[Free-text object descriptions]
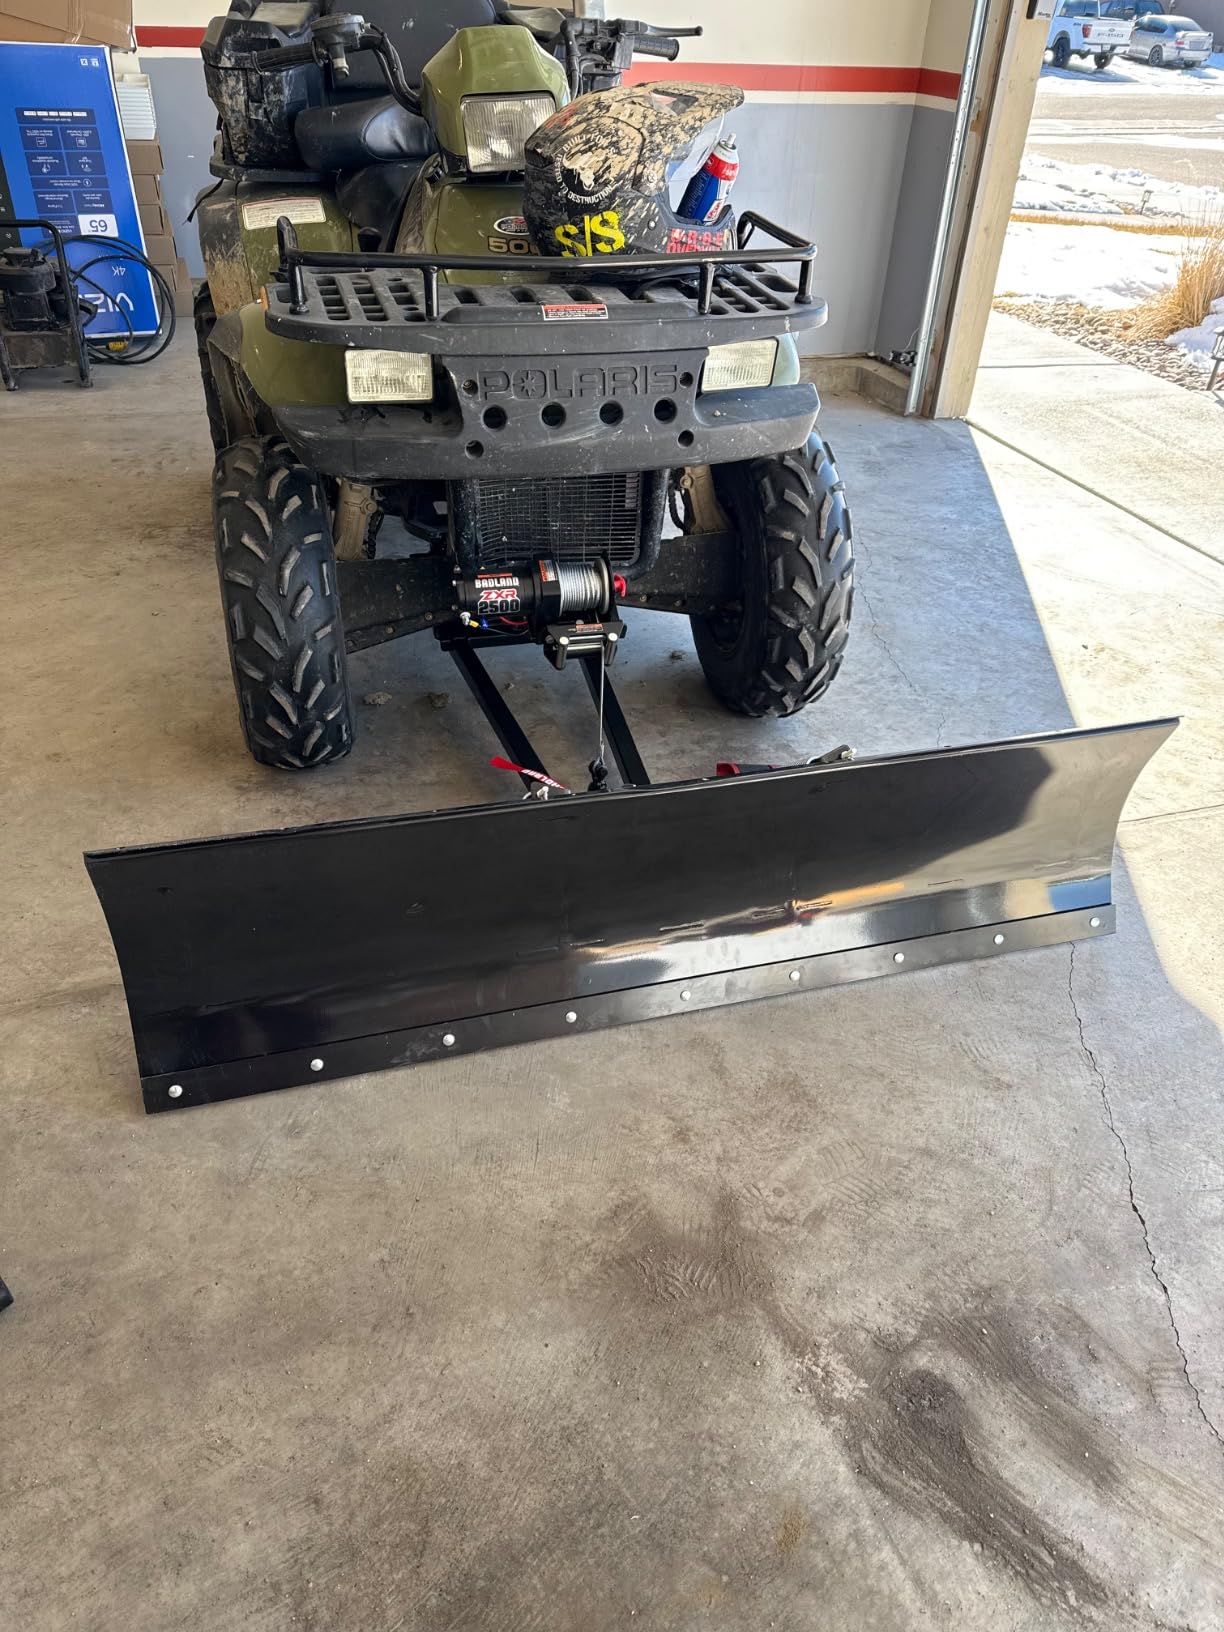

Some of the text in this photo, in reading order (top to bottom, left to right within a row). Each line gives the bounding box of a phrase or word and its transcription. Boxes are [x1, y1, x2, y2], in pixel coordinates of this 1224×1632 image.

[559, 182, 569, 195] TO
[567, 185, 613, 204] DESTRUCTION
[112, 266, 126, 276] 4K
[77, 293, 135, 314] VIZ
[477, 364, 678, 401] POLARIS
[474, 576, 520, 589] BADLAND
[480, 588, 518, 601] ZXR
[478, 599, 520, 615] 2500

» Work to complete
Leave out the pictures, then copy all the remaining text in the records exactly.

» Output for this task
Some of the text in this photo, in reading order (top to bottom, left to right within a row). Each line gives the bounding box of a phrase or word and its transcription. Boxes are [x1, y1, x2, y2], in pixel coordinates of this 1224×1632 image.

[559, 182, 569, 195] TO
[567, 185, 613, 204] DESTRUCTION
[112, 266, 126, 276] 4K
[77, 293, 135, 314] VIZ
[477, 364, 678, 401] POLARIS
[474, 576, 520, 589] BADLAND
[480, 588, 518, 601] ZXR
[478, 599, 520, 615] 2500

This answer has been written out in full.